--- START ---

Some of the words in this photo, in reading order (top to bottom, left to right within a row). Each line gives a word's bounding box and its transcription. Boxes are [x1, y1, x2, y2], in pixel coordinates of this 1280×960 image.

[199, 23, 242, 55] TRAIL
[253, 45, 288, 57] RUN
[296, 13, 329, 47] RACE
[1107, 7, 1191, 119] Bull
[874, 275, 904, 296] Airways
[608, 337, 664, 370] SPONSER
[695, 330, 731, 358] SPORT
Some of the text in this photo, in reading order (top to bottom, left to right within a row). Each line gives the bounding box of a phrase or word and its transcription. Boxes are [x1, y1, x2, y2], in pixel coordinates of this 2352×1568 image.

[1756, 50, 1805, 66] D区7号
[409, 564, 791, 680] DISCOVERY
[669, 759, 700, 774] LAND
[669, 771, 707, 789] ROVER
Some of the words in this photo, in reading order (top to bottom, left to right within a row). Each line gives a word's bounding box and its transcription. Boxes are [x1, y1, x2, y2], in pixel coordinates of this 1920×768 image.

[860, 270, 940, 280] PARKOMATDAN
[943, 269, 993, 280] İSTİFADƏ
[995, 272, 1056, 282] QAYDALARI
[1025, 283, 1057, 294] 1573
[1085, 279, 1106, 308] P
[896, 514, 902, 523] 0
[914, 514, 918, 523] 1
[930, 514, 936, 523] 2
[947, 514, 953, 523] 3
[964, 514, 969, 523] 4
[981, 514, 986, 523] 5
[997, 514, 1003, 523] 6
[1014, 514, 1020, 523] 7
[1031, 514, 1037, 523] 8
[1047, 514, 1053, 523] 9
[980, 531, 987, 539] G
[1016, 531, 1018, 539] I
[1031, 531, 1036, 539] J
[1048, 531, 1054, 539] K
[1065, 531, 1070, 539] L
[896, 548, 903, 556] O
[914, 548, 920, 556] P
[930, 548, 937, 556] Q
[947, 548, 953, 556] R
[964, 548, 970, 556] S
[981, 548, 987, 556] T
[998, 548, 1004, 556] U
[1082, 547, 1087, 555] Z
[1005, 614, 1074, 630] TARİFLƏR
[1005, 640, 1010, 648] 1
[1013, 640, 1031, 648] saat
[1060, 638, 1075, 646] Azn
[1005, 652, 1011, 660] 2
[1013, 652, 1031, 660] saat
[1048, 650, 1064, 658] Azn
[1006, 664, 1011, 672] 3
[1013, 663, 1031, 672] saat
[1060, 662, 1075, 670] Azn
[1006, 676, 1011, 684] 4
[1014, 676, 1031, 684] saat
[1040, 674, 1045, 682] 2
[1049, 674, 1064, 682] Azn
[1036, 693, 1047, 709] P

--- END ---

- ACTIVITY -
Once you have read the material, set it down again word for word.

- RESULT OF THIS TASK -
Some of the words in this photo, in reading order (top to bottom, left to right within a row). Each line gives a word's bounding box and its transcription. Boxes are [x1, y1, x2, y2], in pixel coordinates of this 1280×960 image.

[199, 23, 242, 55] TRAIL
[253, 45, 288, 57] RUN
[296, 13, 329, 47] RACE
[1107, 7, 1191, 119] Bull
[874, 275, 904, 296] Airways
[608, 337, 664, 370] SPONSER
[695, 330, 731, 358] SPORT
Some of the text in this photo, in reading order (top to bottom, left to right within a row). Each line gives the bounding box of a phrase or word and its transcription. Boxes are [x1, y1, x2, y2], in pixel coordinates of this 2352×1568 image.

[1756, 50, 1805, 66] D区7号
[409, 564, 791, 680] DISCOVERY
[669, 759, 700, 774] LAND
[669, 771, 707, 789] ROVER
Some of the words in this photo, in reading order (top to bottom, left to right within a row). Each line gives a word's bounding box and its transcription. Boxes are [x1, y1, x2, y2], in pixel coordinates of this 1920×768 image.

[860, 270, 940, 280] PARKOMATDAN
[943, 269, 993, 280] İSTİFADƏ
[995, 272, 1056, 282] QAYDALARI
[1025, 283, 1057, 294] 1573
[1085, 279, 1106, 308] P
[896, 514, 902, 523] 0
[914, 514, 918, 523] 1
[930, 514, 936, 523] 2
[947, 514, 953, 523] 3
[964, 514, 969, 523] 4
[981, 514, 986, 523] 5
[997, 514, 1003, 523] 6
[1014, 514, 1020, 523] 7
[1031, 514, 1037, 523] 8
[1047, 514, 1053, 523] 9
[980, 531, 987, 539] G
[1016, 531, 1018, 539] I
[1031, 531, 1036, 539] J
[1048, 531, 1054, 539] K
[1065, 531, 1070, 539] L
[896, 548, 903, 556] O
[914, 548, 920, 556] P
[930, 548, 937, 556] Q
[947, 548, 953, 556] R
[964, 548, 970, 556] S
[981, 548, 987, 556] T
[998, 548, 1004, 556] U
[1082, 547, 1087, 555] Z
[1005, 614, 1074, 630] TARİFLƏR
[1005, 640, 1010, 648] 1
[1013, 640, 1031, 648] saat
[1060, 638, 1075, 646] Azn
[1005, 652, 1011, 660] 2
[1013, 652, 1031, 660] saat
[1048, 650, 1064, 658] Azn
[1006, 664, 1011, 672] 3
[1013, 663, 1031, 672] saat
[1060, 662, 1075, 670] Azn
[1006, 676, 1011, 684] 4
[1014, 676, 1031, 684] saat
[1040, 674, 1045, 682] 2
[1049, 674, 1064, 682] Azn
[1036, 693, 1047, 709] P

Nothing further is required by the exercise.